Hawkes: Whatever questions the audience has at the end of the film are the same questions Martha has. This film is all questions and I hope it’s a gift to an audience to have a chance to live in a very different world and a different kind of film where things aren’t answered for you. I know manifested for me in the strangest way. I saw the film at Sundance and only recently saw it again. There have been several times where I was haunted by a scene in a movie and it took me a moment to figure out what it was and realized that it was this film, that I’m in, which is so odd. It’s never happened to me before – to have a film dwell with me and sit with me and have me think about the film as though I was not even a part of it. It’s a really cool thing.
When you were cast as a Jewish merchant in “Deadwood,” you were concerned that you’re not Jewish. The show’s creator asked if you ever felt shame or sadness or ostracized and you said, “Every day” to which he replied, “Then you’re Jewish.” Can you expand on that comment?
Hawkes: Oh sure, but I don’t want to get too personal. I think any creative person, or perhaps performers more so, have unusual needs and maybe deficiencies in growing up that I think are great gifts that help them inform their work, so I don’t think I’m alone in feeling those feelings.
Your character has no direct connection with the cult. Did that impact on how you shaped Lucy?

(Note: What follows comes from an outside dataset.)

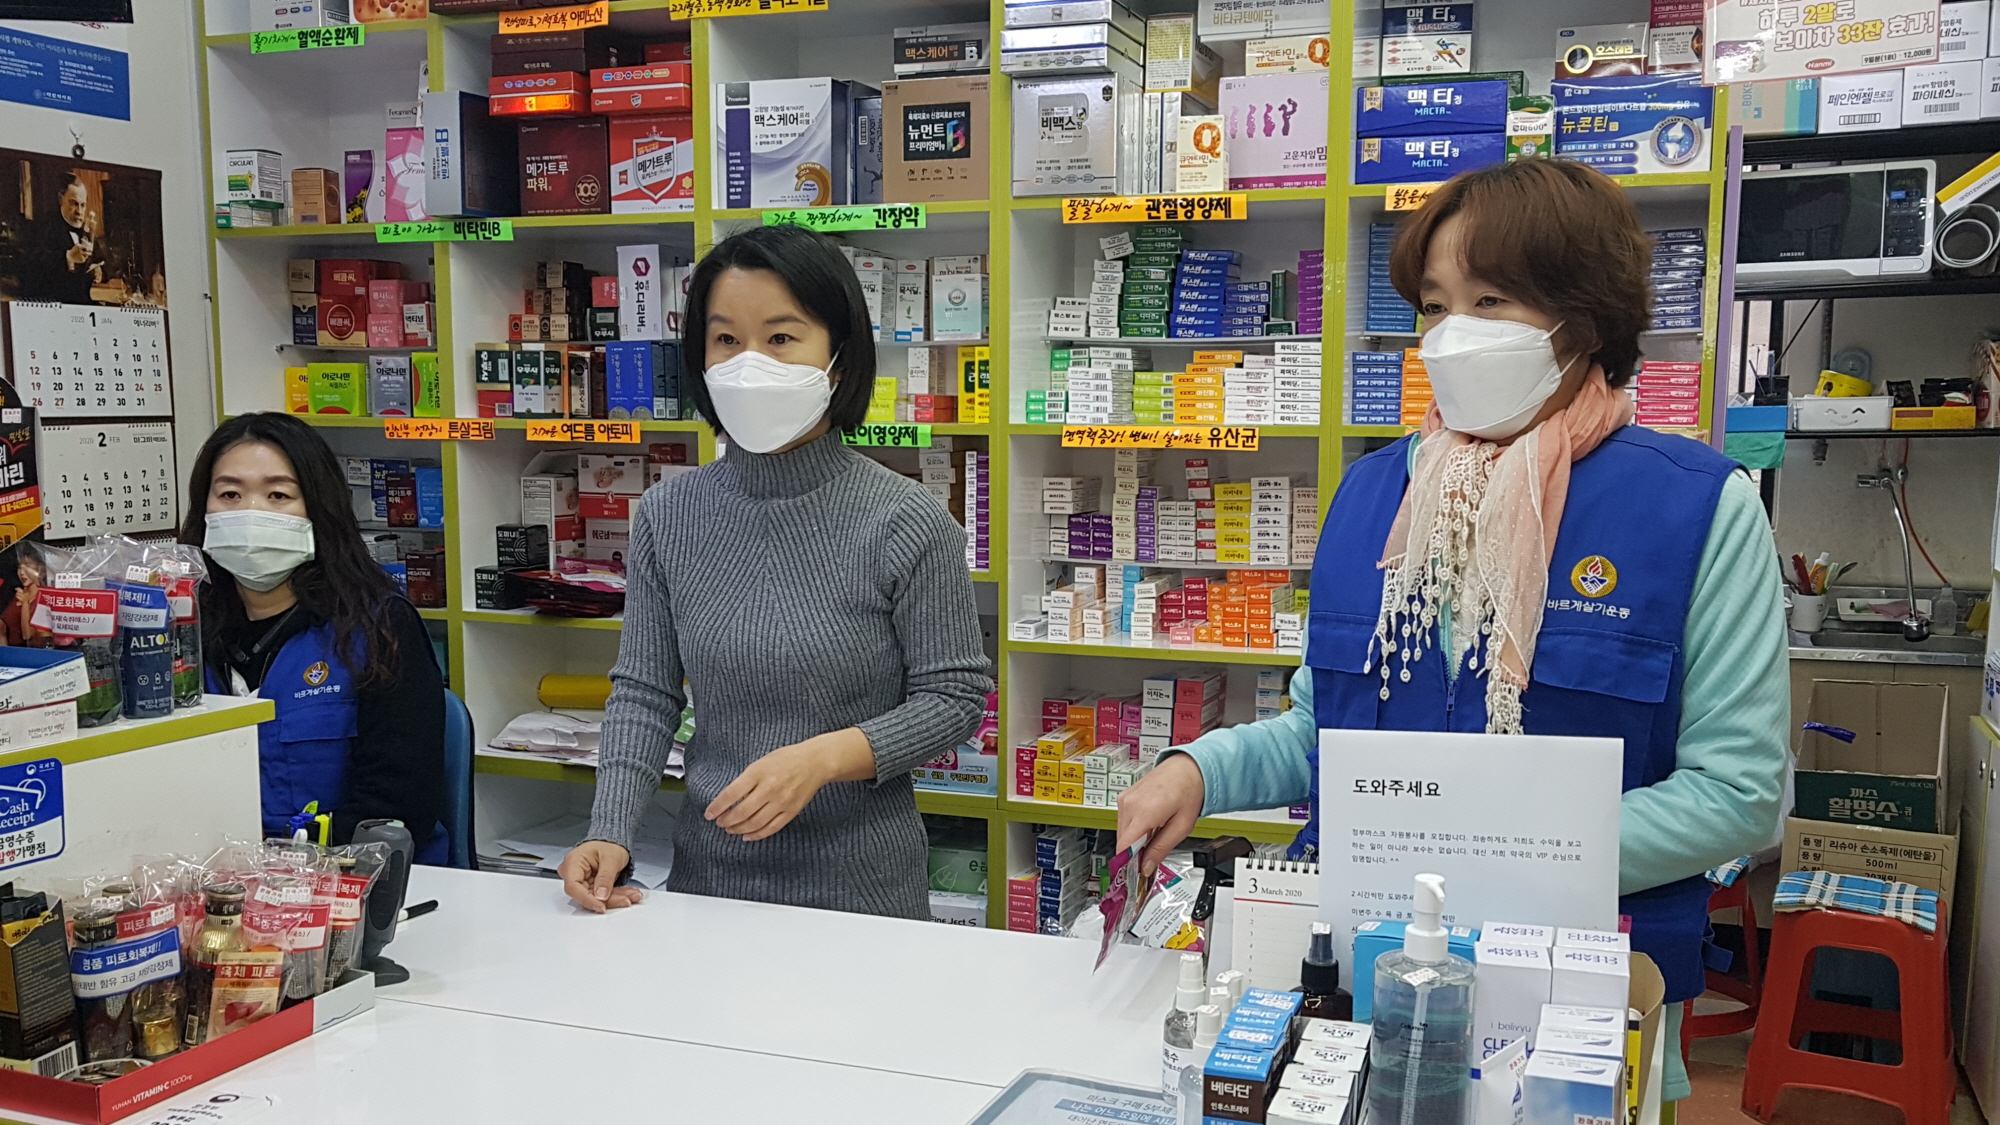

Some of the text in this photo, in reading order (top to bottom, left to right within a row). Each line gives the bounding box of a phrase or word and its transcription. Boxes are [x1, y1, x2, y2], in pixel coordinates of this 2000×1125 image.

Paulson: I think it was very important that I knew nothing about cults because in the movie, Martha tells Lucy nothing about it. So, it’s important that my own confusion and my desire to know more was my own desire to know more. It helped inform that sort of complicated frustration of wanting to have her come to me and not knowing how to fix what had been fractured between us.
Does that mean that you didn’t read the entire script?
Paulson: I did read the entire script and knew what happened, but decided not to do any research on cults and didn’t look at a lot of pictures from things they had shot, such as continuity photos. I thought it best for me not to have any information about what she went through. I would ask Martha about her bruises sometimes and the bruises in the movie were all her real bruises. I stopped myself from asking her questions about her time at the farm.
What do you think the bottom line is for Martha?
Olsen: I think Martha was trying to find a place of belonging and purpose and acceptance and I think everyone tries to figure that out in some way or another in their lives and that journey continues to change as you grow. Sean equates it to a soccer team or to going to church school or finding community in your job. Martha is someone who had no community at all. For me personally, I always felt like I had a community with my friends and have the same friends since I was in Kindergarten.
Do you think the title is hard to remember?
Olsen: I just make a joke about it before I even say the title. This driver was taking me the airport and asked me the name of the movie. The first thing I said is that you won’t remember it, but you will remember that it’s a movie with four M’s in it and you’re not going to confuse it with another movie.